Snapchat co-founder and CEO Evan Spiegel says his company has a more playful approach to business, which may be one of the reasons its new products have proven so popular with users.
Interviewed on stage by Cosmopolitan editor in chief Joanna Coles at the Cannes Lions International Festival of Creativity, Spiegel said the concept of “fun” and “being playful” is something that “takes the pressure off being creative.”
“In tech in particular, everyone is so serious all the time, and has these grand visions. But we really enjoy that people like having fun, and want to be happy, and enjoy being with one another: That’s just as important,” Spiegel said.
Spiegel is one of the main draws at this year’s Cannes — the annual advertising festival that draws in the top advertising, marketing and media executives, as well as celebrities. Pharrell, Marilyn Manson, and Kim Kardashian are among the a-listers in attendance this year.
Spiegel’s early morning session on Monday was his chance to sell the app to the advertisers. He gave examples of how the app differs from other social networks — vertical video instead of horizontal, and “Stories” being shared in the order photos are taken rather than reverse-chronological order like some other social networks, for example.
On the commercial side, Spiegel said Snapchat “really care[s] about not being creepy,” which is why the business chose to concentrate on the context of advertising and where it sits, rather than targeting. Spiegel mentioned P&G’s Fathers’ Day Snapchat ad this weekend: four video ad units that appeared within the global Snapchat Story around Fathers’ Day (which users contributed to,) that showed dads playing with their kids.

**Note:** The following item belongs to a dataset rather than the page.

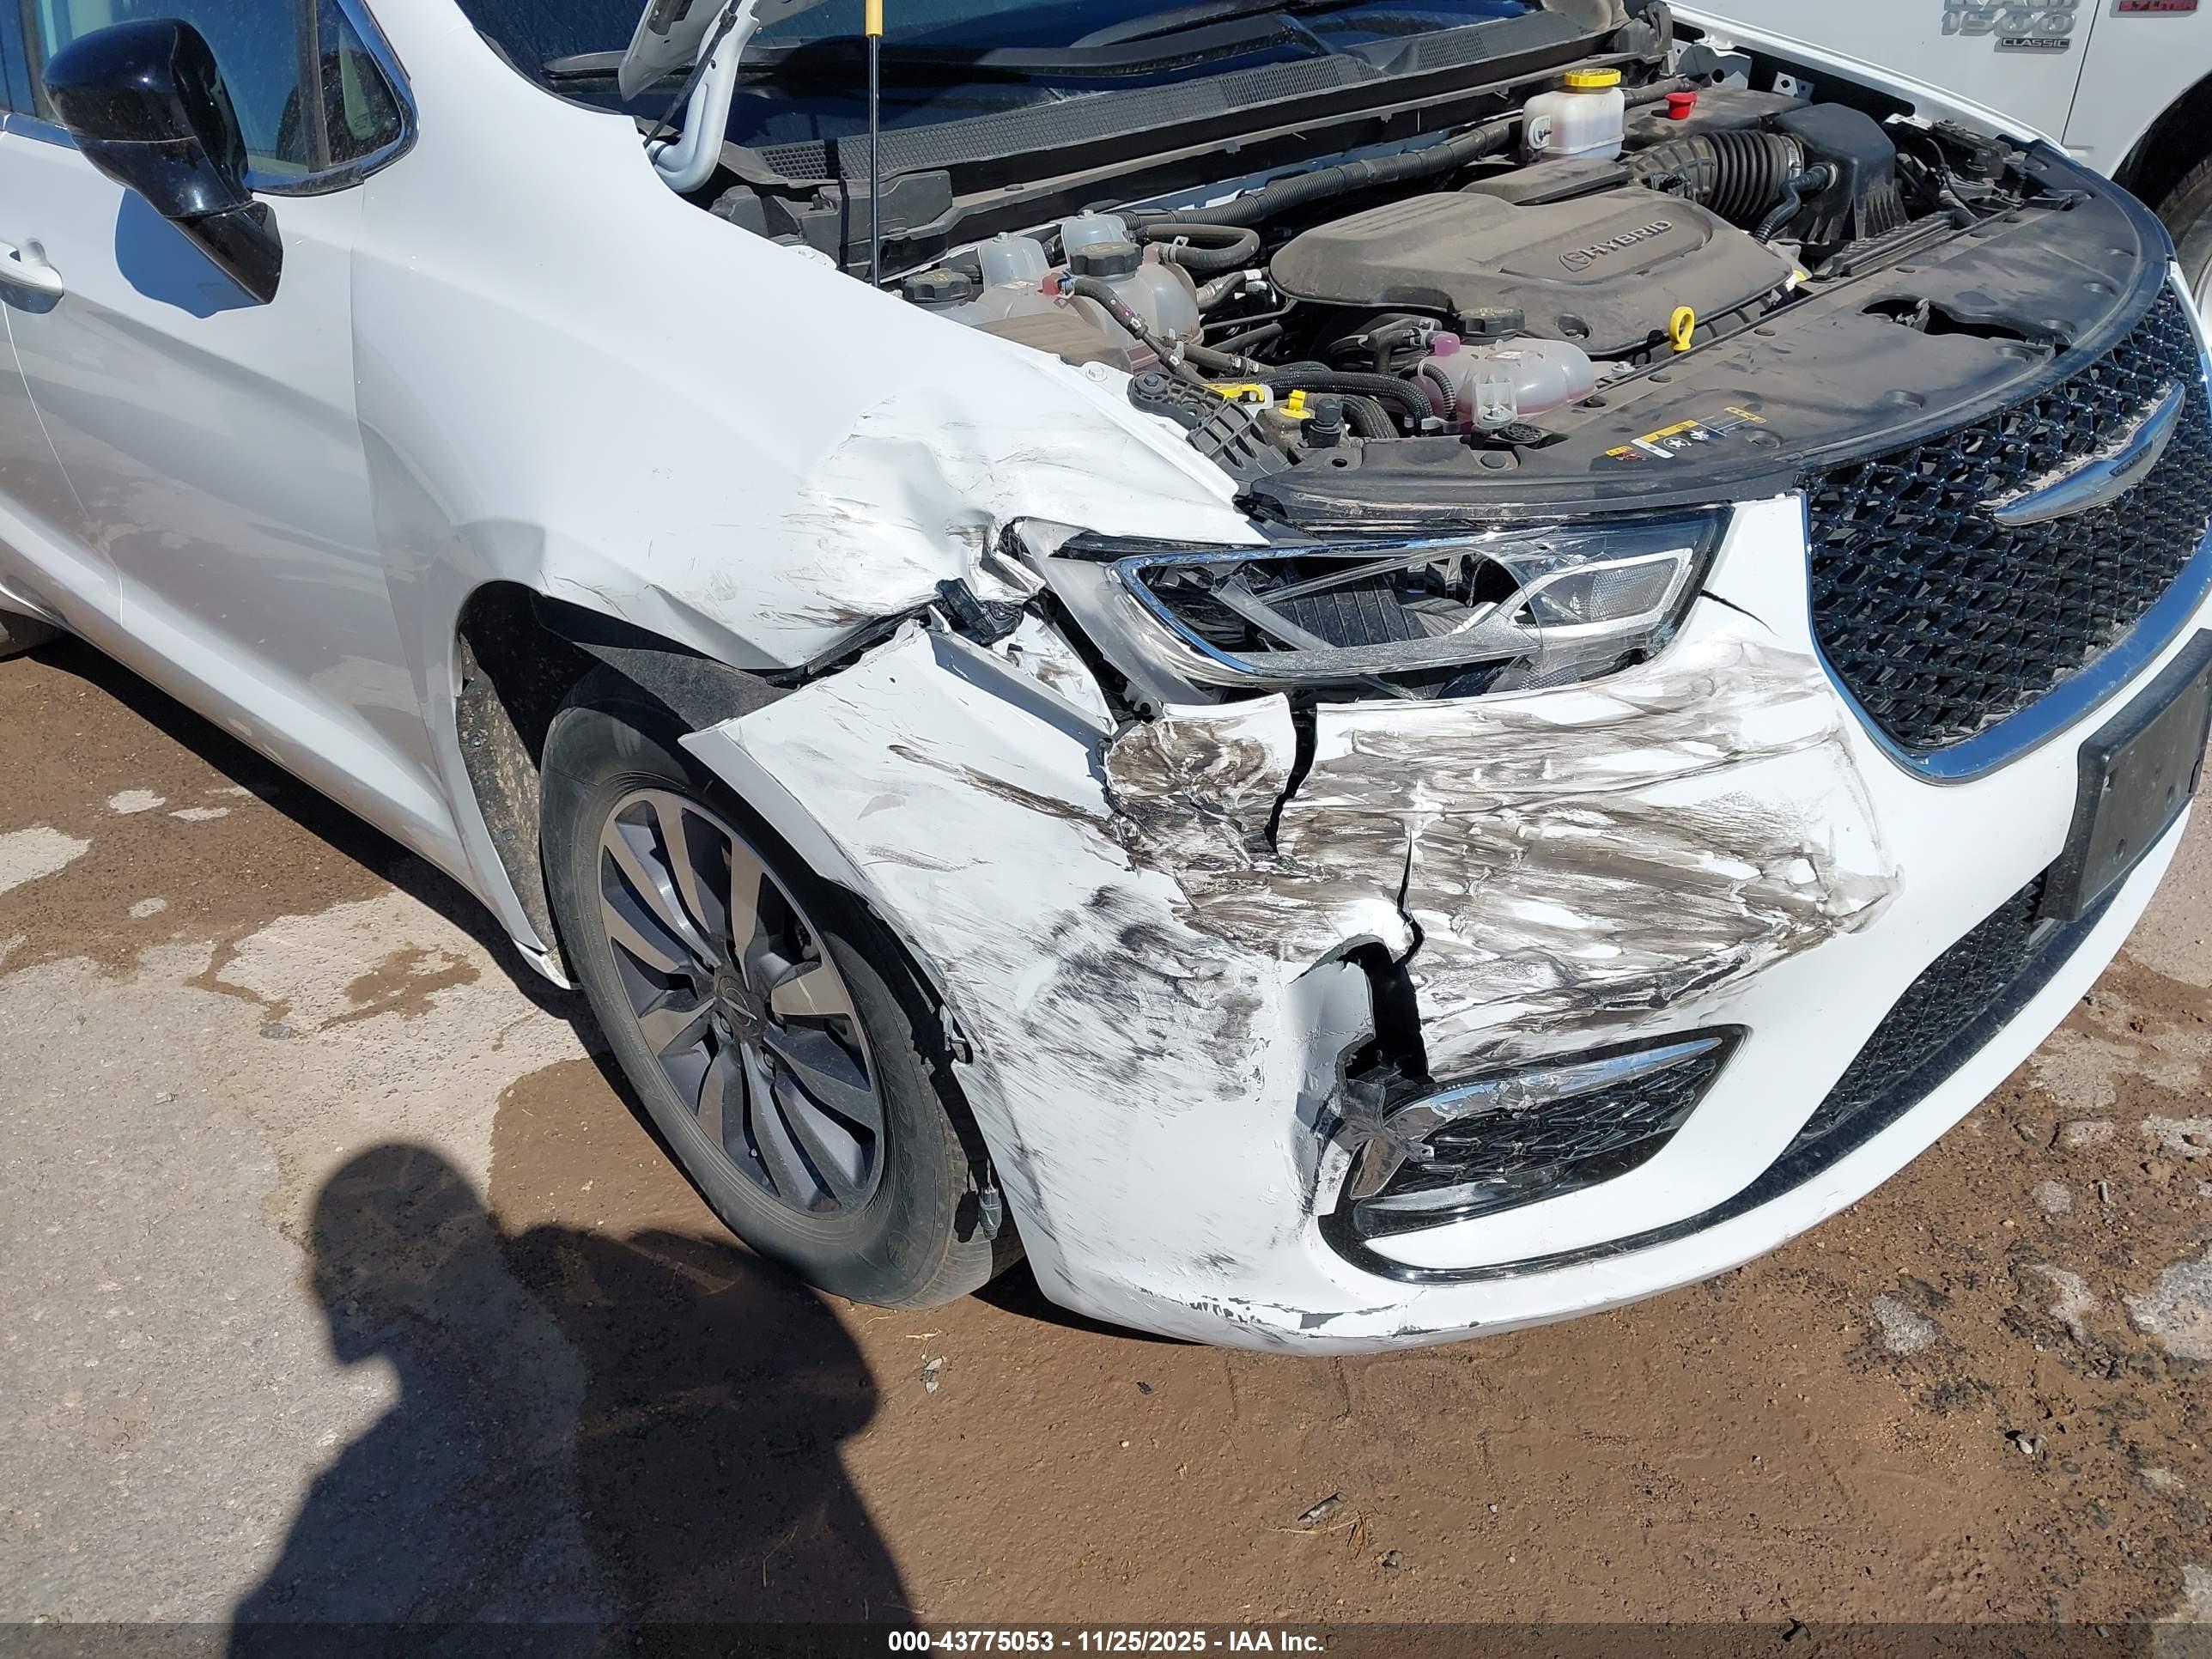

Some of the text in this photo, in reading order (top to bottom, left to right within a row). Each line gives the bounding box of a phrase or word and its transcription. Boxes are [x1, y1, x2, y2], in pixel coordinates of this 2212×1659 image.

“[The ads] really fit into the context of the story, and it really also communicated why their products are great … we love when the advertising fits the context of the story we are telling, I thought that was terrific,” Spiegel said.
And he also gave an insight into what it’s like working at Snapchat, revealing that the company probably only releases “1-2%” of the products it works on. Like many other tech businesses, Snapchat encourages the idea of “failing fast,” but Spiegel said it’s better that those failures are happening in private before being released on users.
In terms of culture, Spiegel said “we do stuff that’s kind of hippy I guess.”
Spiegel explained that each week, groups of 10 people within the business “talk about how we feel about things,” adding that listening to how people feel is a core value of the company.
“The point is to emphasise the important of listening. I don’t think we pay attention enough to just listening to people and how they feel. I know sometimes I’m so focused on what I’m going to say next, that I’m not listening to what they’re saying … I’m trying to get better, ” Spiegel said.
It’s for that reason that Snapchat operates a “t-shaped” executive structure. To manage people, bosses need “operational depth” in order to do it effectively. In Spiegel’s case, his operational depth is monitoring and getting hands-on with the design team, which meets three times a week to talk about projects and draw ideas directly on a TV.
Spiegel didn’t have any announcements to make on Monday — he’s due for an early morning session on The Daily Mail’s yacht with the newspaper publisher’s US CEO Jon Steinberg, and WPP chief executive Sir Martin Sorrell, which is likely to involve partnership news — but he did give a clue as to the direction Snapchat will take next.
“This year I guess is about our content business. Next year, we’ll be more focused on the communications business and how it relates to our content business. That’s as much as I can say,” Spiegel concluded.